Hace 100 años nació Ingmar Bergman, uno de los cineastas más lúcidos y profundos de siglo XX. Su cine estaba impregnado de la soledad y la tragedia que el hombre contemporáneo sufre por el vacío que provoca el silencio de Dios. Esa sensación de abismo y la permanente amenaza de la muerte le hicieron perder su fe en Él. En su película El séptimo sello, cuando la muerte trata de explicar al caballero por qué Dios está callado, el sosias sueco del Quijote se lamenta: «Entonces la vida es un horror atroz. Nadie puede vivir abocado a la muerte, sabiendo que no hay nada».

Hawking, que se acaba de morir, pasó de introducir Biblias secretamente en Rusia a negar la existencia de Dios. Lo cuenta la madre de sus hijos, Jane, en su libro Hacia el infinito, donde acepta, por la enfermedad de él, el ateísmo de su exmarido pero reconoce que fue la fe en Dios lo que a ella le ayudó a estar a su lado porque el ateísmo «no puede ofrecer consuelo, bienestar, ni esperanza, respecto a la condición humana». Dios ha estado presente de una manera esencial en la historia de la filosofía.

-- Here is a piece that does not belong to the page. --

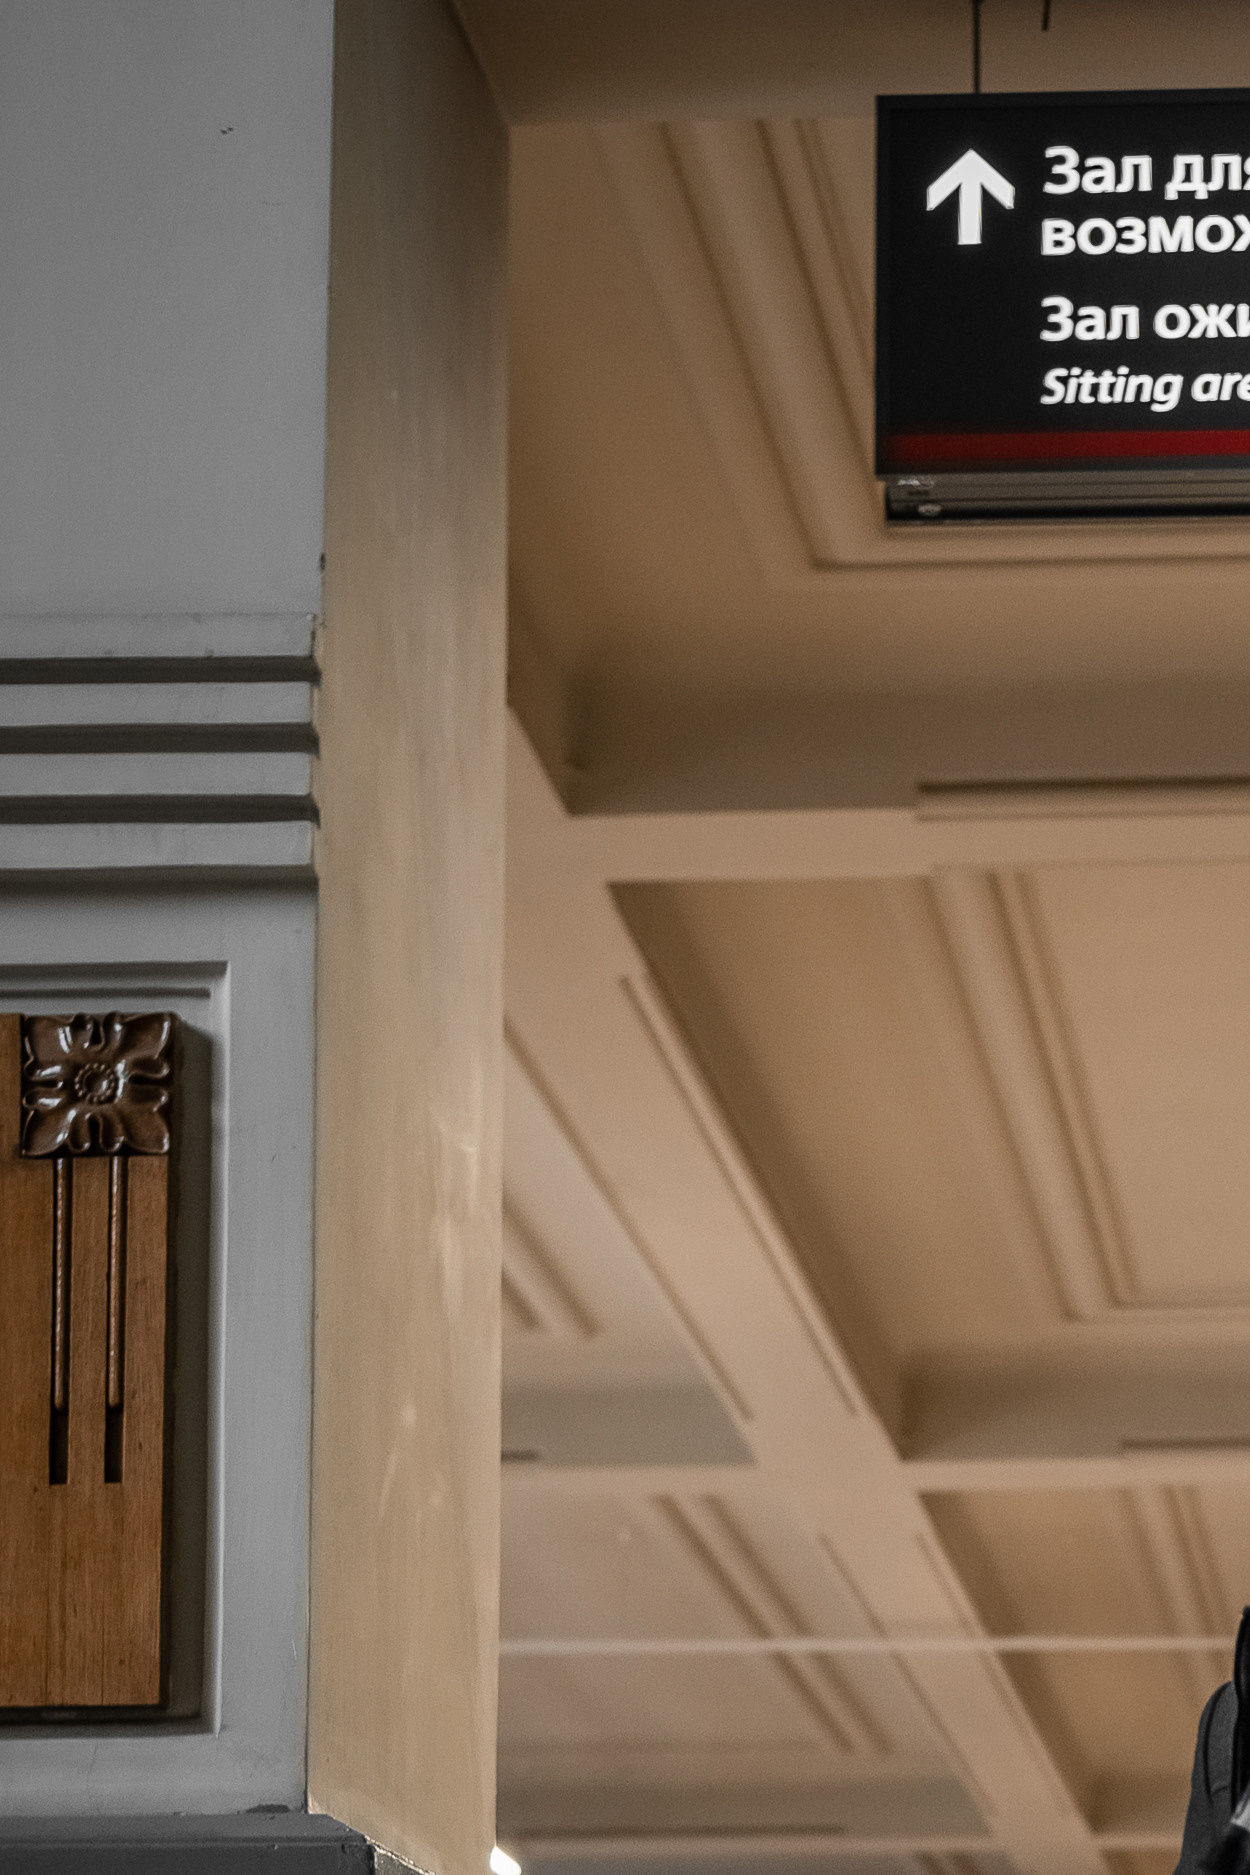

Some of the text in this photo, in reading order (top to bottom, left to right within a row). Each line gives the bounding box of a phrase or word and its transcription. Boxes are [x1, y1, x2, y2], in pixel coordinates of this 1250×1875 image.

San Agustín, como sugiere Jane de Stephen, se preguntaba por qué Dios permitía el sufrimiento de las personas. El libre albedrío fue la respuesta a sus preguntas. No somos marionetas. El mal moral es el resultado de nuestras decisiones.

El pesimista Pascal, que pensaba que todo el mundo es desdichado, creía que estamos en algún lugar entre los animales y los ángeles y que, el ser humano, solo tiene potencial cerca de Dios. El corazón y no el cerebro es quien nos conduce a Dios. Creer en su existencia era una apuesta al cincuenta por ciento. Y no se puede no tomar partido. Kierkegaard, atormentado por su renuncia a Regina, vivió en sí mismo el riesgo que supone dar un salto de fe. Sabía que una actitud así era irracional pero sería, finalmente, la fe la que le mantendría en pie frente a la adversidad. Descartes afirmaba que la idea misma de Dios demostraba su existencia y con su argumento de la impronta divina concluía que sabemos que Dios existe porque nos ha implantado esa certeza en nuestras mentes. Esté Dios en los pucheros o en una lágrima, en la sonrisa de un niño o en una promesa, bajo un paso o en la playa, siempre es mejor no dar la espalda a quien aporta algo de sentido a un existencia asfixiante.